- _WHAT YOU NEED TO DO_: All of the records below are to be given again word for word, with the pictures removed.

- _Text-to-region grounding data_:
◆ ◆ ◆ ◆
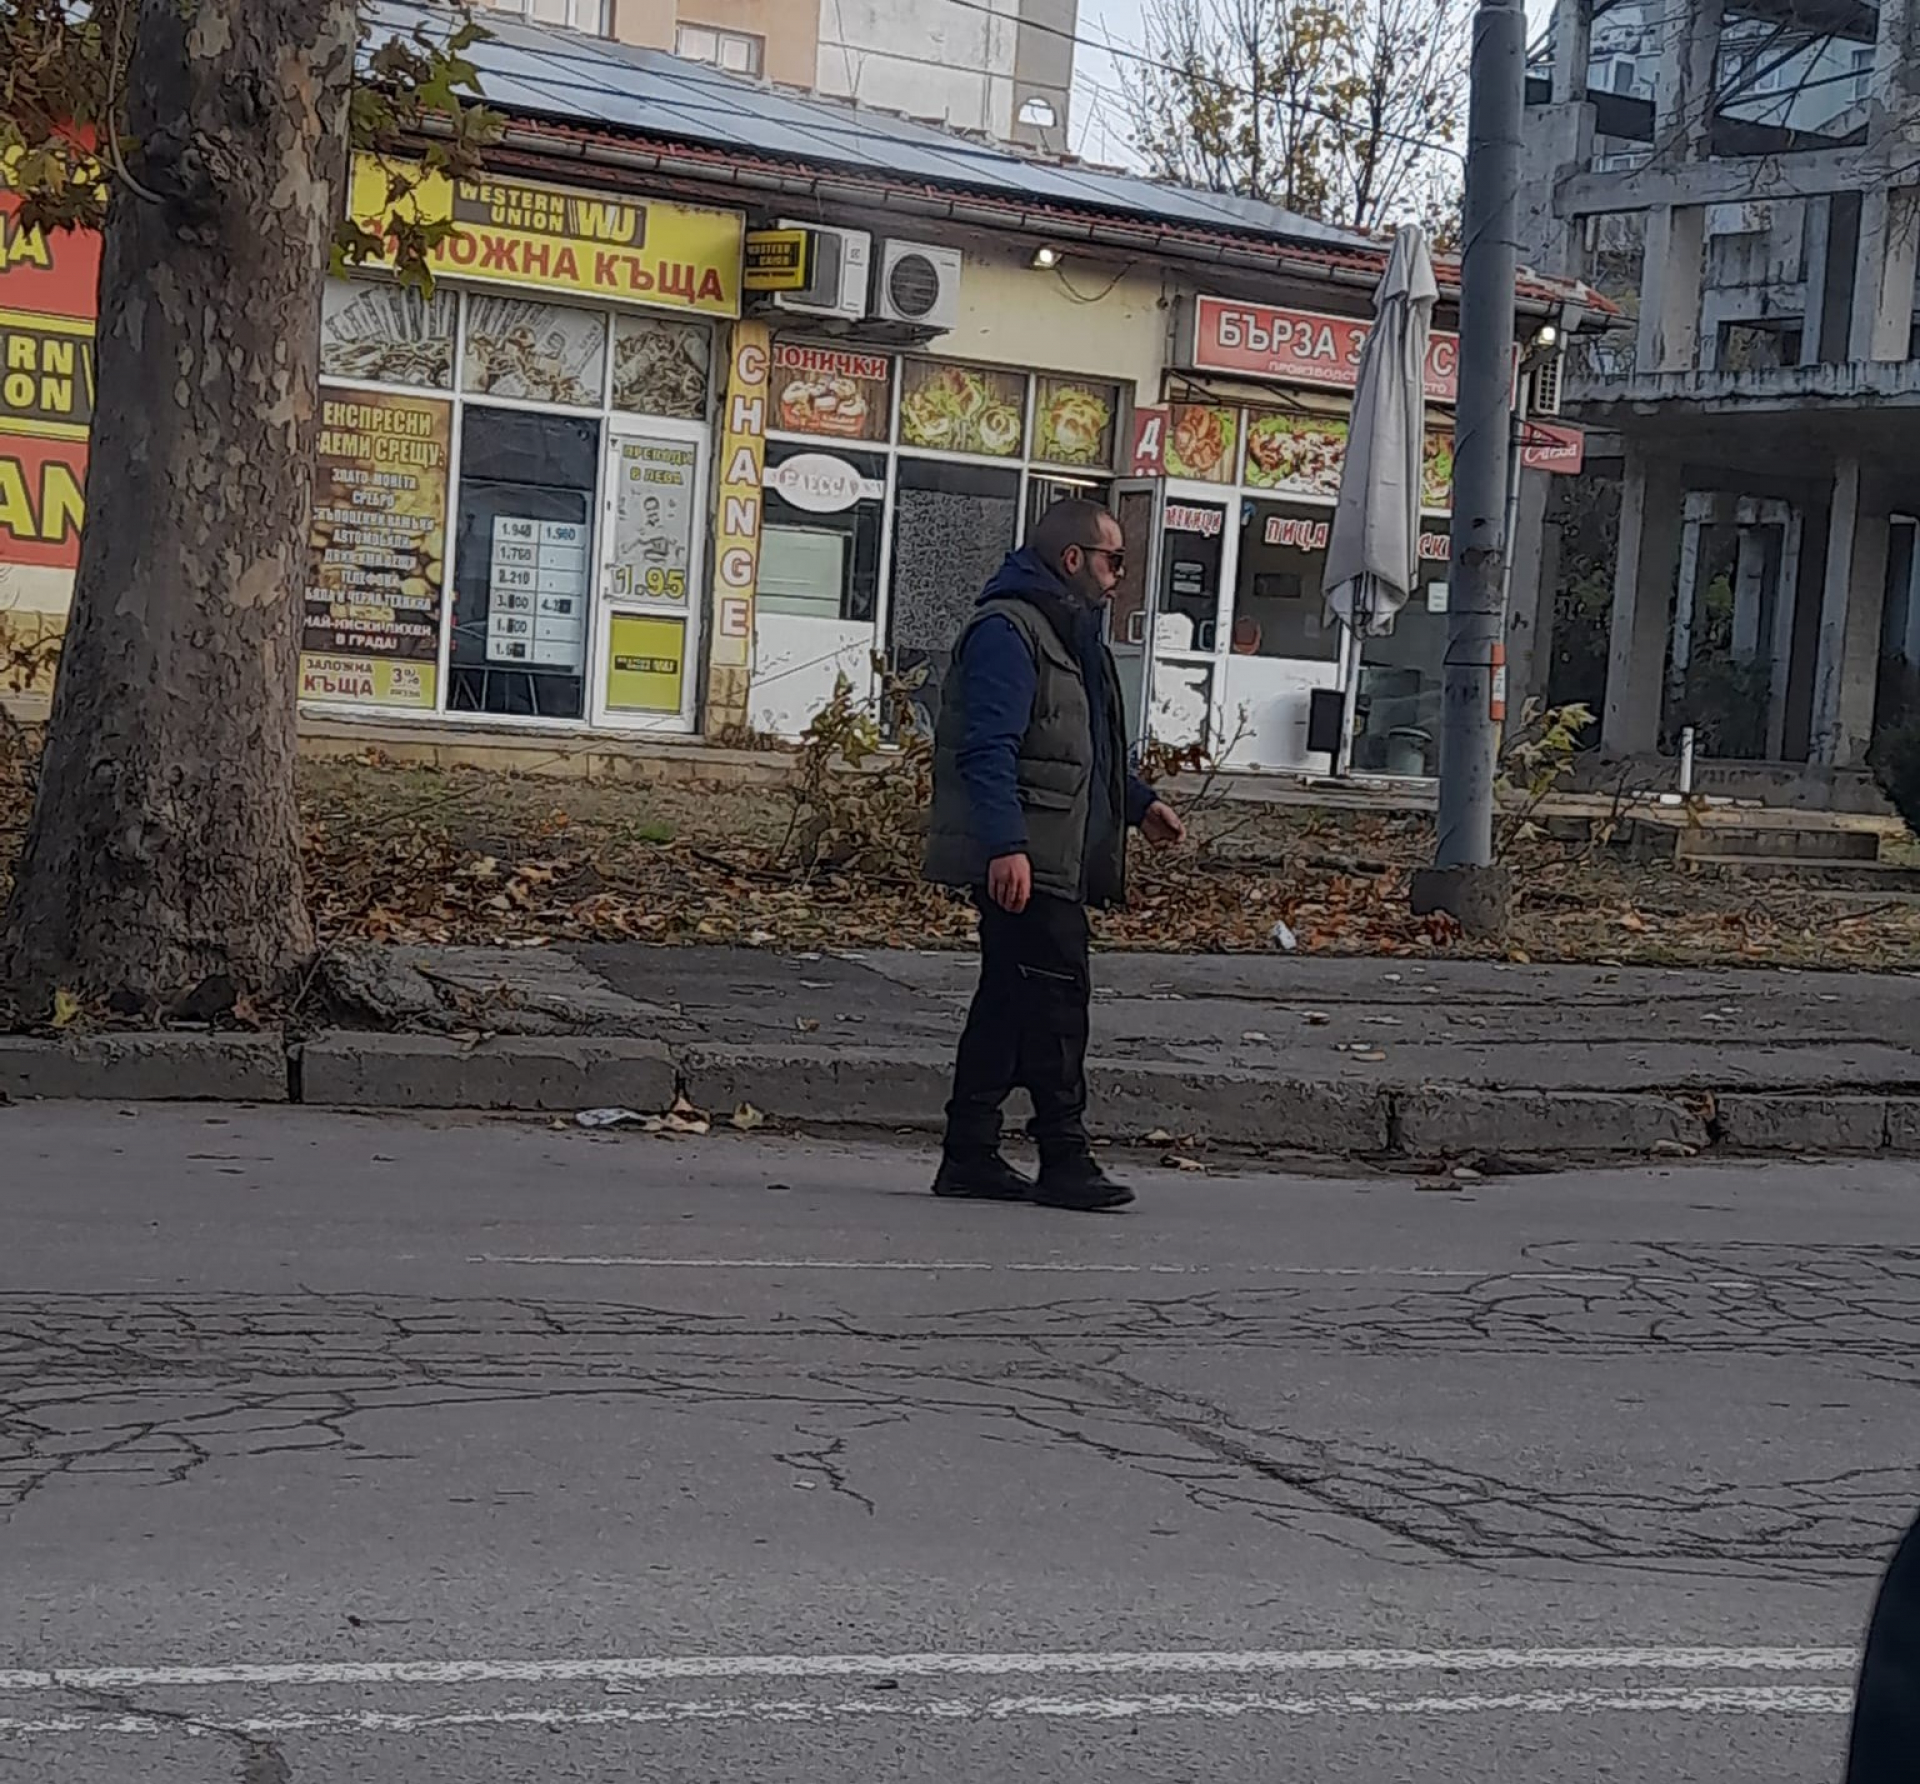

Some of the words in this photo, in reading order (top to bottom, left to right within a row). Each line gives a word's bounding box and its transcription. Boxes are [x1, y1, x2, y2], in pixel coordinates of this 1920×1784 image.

[459, 180, 565, 214] WESTERN
[491, 205, 563, 233] UNION
[0, 212, 49, 269] А
[361, 219, 580, 283] ОЖНА
[594, 251, 724, 304] КЪЩА
[1218, 310, 1337, 361] БЪРЗА
[0, 334, 74, 375] RN
[323, 401, 432, 436] ЕКСПРЕСНИ
[316, 431, 372, 460] АЕМИ
[720, 344, 766, 636] CHANGE
[1265, 517, 1330, 552] ПИЦА
[1418, 532, 1451, 560] СК
[304, 674, 374, 698] КЪЩА
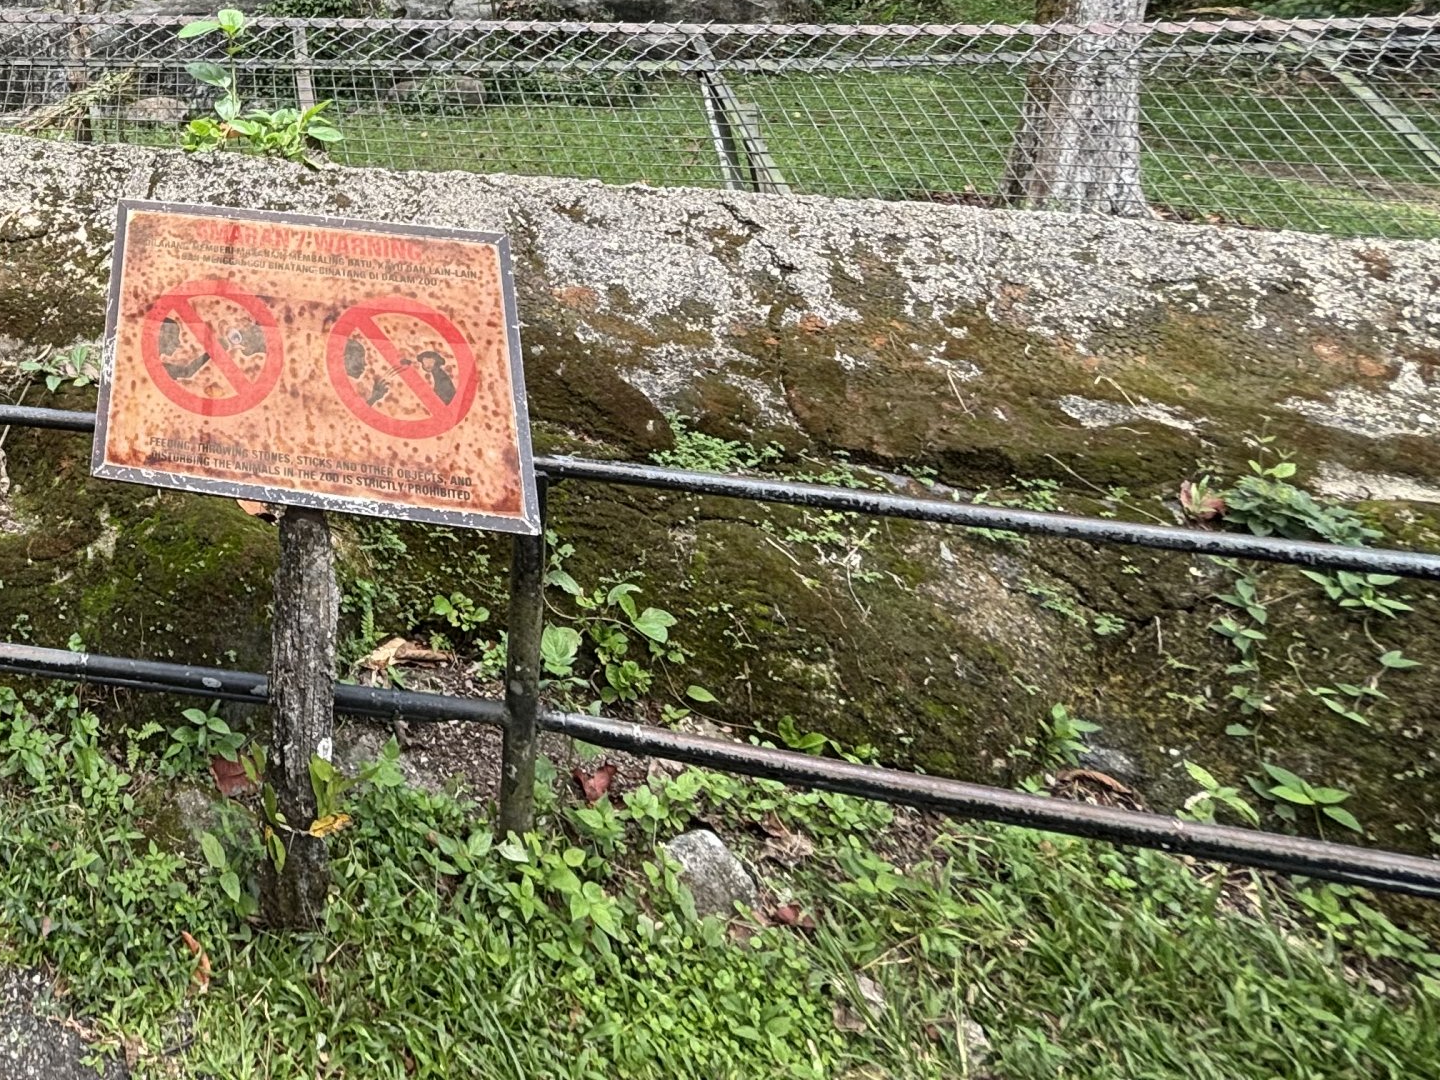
◆ ◆ ◆ ◆
- _REPLY TO THE EXERCISE_:
Some of the words in this photo, in reading order (top to bottom, left to right within a row). Each line gives a word's bounding box and its transcription. Boxes are [x1, y1, x2, y2], in pixel coordinates of this 1920×1784 image.

[459, 180, 565, 214] WESTERN
[491, 205, 563, 233] UNION
[0, 212, 49, 269] А
[361, 219, 580, 283] ОЖНА
[594, 251, 724, 304] КЪЩА
[1218, 310, 1337, 361] БЪРЗА
[0, 334, 74, 375] RN
[323, 401, 432, 436] ЕКСПРЕСНИ
[316, 431, 372, 460] АЕМИ
[720, 344, 766, 636] CHANGE
[1265, 517, 1330, 552] ПИЦА
[1418, 532, 1451, 560] СК
[304, 674, 374, 698] КЪЩА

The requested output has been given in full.